Nancy, what I was objecting to was the implied equivalence in the original
statement. You are right, the set of conscious beings with a language is a
subset of the bigger set of all conscious beings. As far as culture goes,
I would say language is one thing and culture another, but the intersection
of language and culture is 'literature' (or 'verbal literature') since not
all language is literature and not all culture is literature, but all
literature is both language and culture. Poetry would be an even smaller
subset of literature: the intersection of language, culture, & sound of the
words themselves (like aliteration, assonance, etc) [inclusive-OR] the
intersection of language, culture, & mathematical patterns (like a sonnet,
rondeau, sestina, etc).
> [Original Message]
> From: Nancy Gish <[log in to unmask]>
> To: <[log in to unmask]>
> Date: 8/29/2006 6:46:23 AM
> Subject: Re: Eliot, India and Translation
> You seem to identify language with the sound or production of words
> rather than the structure (grammar and syntax) that make them possible.
> If you understood words, you had language, rather you could produce
> it or not. It may well be that consciousness is not the same as language,
> but it is hard to see how there could be language without it, though
> their can be consciousness without words. But that does not seem to
> be what you describe here. There must be more to the definition.
> >>> robert meyer <[log in to unmask]> 08/29/06 3:18 AM >>>
> The statement "Language is not words, it is culture, it is even
> consciousness itself." does not bear out in my experience. After
> I came out of surgery for my stroke, I had consciousness but I
> could not speak; therefore language is NOT consciousness.
> After the surgery, my culture was not changed (I still preferred
> this music to that music, preferred this food to that food, et
> cetera) but I couldn't speak; therefore language is NOT culture.

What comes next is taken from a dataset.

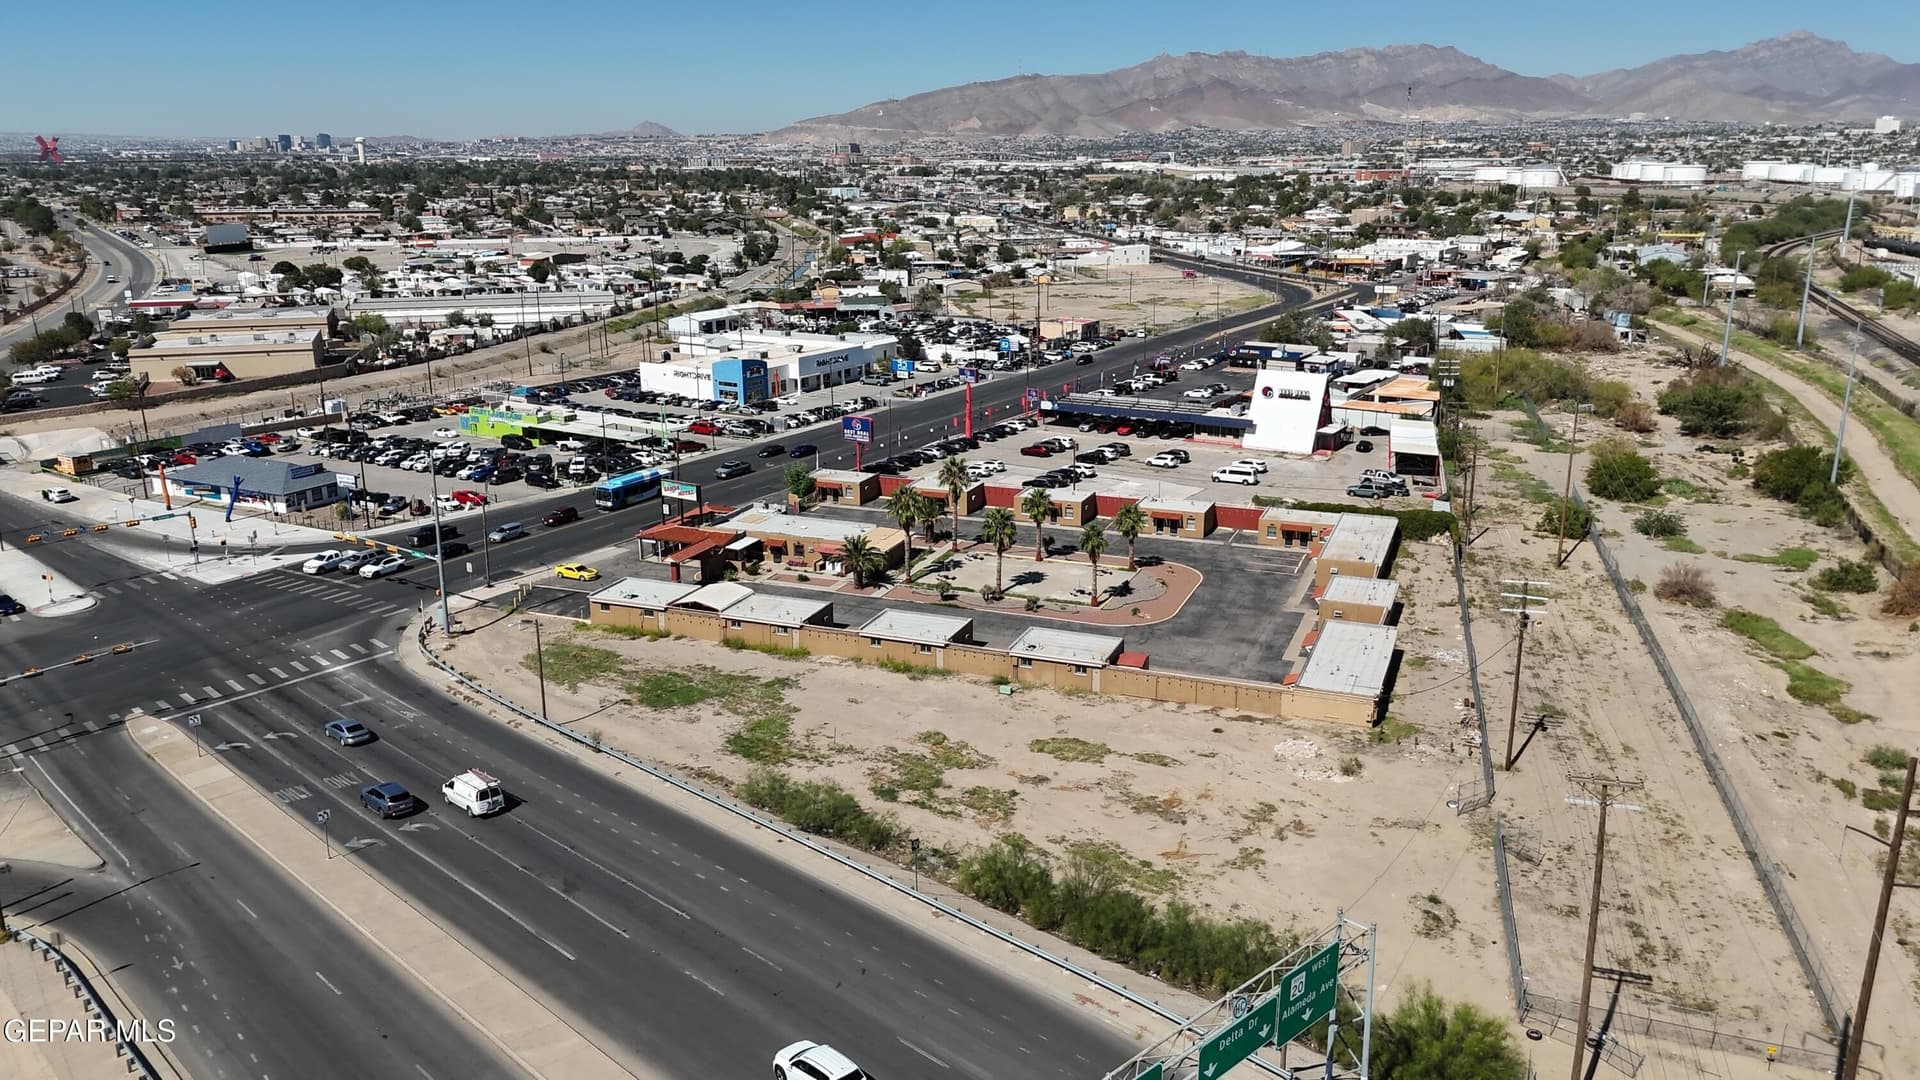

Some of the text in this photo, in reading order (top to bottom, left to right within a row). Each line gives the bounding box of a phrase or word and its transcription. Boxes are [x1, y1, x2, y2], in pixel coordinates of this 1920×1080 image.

> After the surgery I couldn't speak even one word (the medical
> term is 'aphasia'); therefore language IS words. I could
> understand the words which were spoken to me, but could
> not respond in words; so language is still equivalent to words
> and the grammar to use those words, whether the words are
> incoming or outgoing.
> > [Original Message]
> > From: Peter Montgomery <[log in to unmask]>
> > To: <[log in to unmask]>
> > Date: 8/28/2006 3:04:28 PM
> > Subject: Re: Eliot, India and Translation
> > From: cr mittal :
> > I would love to share with you my admiration for some of
> > the translations into English of the Bhagavad Gita -- these
> > almost reproduce the tone, the texture, and the meaning into
> > English to an incredible degree. And yet, there are many
> > many expressions in the original that defy easy translation.
> > =======================================
> > Then there would be the unconscious nuances of which you
> > might not be aware, but without which the original would not
> > work well, and which would in no way find equivalence in
> > English unconscious nuances.
> > Language is not words, it is culture, it is even consciousness
> > itself.
> > P.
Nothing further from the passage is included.